Problem —
Reproduce the data word for word, keeping every line complete.

Excerpted records —
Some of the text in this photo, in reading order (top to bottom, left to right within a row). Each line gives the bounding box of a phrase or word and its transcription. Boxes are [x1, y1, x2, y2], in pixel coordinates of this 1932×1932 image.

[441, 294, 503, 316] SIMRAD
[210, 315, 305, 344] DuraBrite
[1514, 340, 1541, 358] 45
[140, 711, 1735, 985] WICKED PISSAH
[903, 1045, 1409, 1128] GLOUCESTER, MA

Result of this exercise —
Some of the text in this photo, in reading order (top to bottom, left to right within a row). Each line gives the bounding box of a phrase or word and its transcription. Boxes are [x1, y1, x2, y2], in pixel coordinates of this 1932×1932 image.

[441, 294, 503, 316] SIMRAD
[210, 315, 305, 344] DuraBrite
[1514, 340, 1541, 358] 45
[140, 711, 1735, 985] WICKED PISSAH
[903, 1045, 1409, 1128] GLOUCESTER, MA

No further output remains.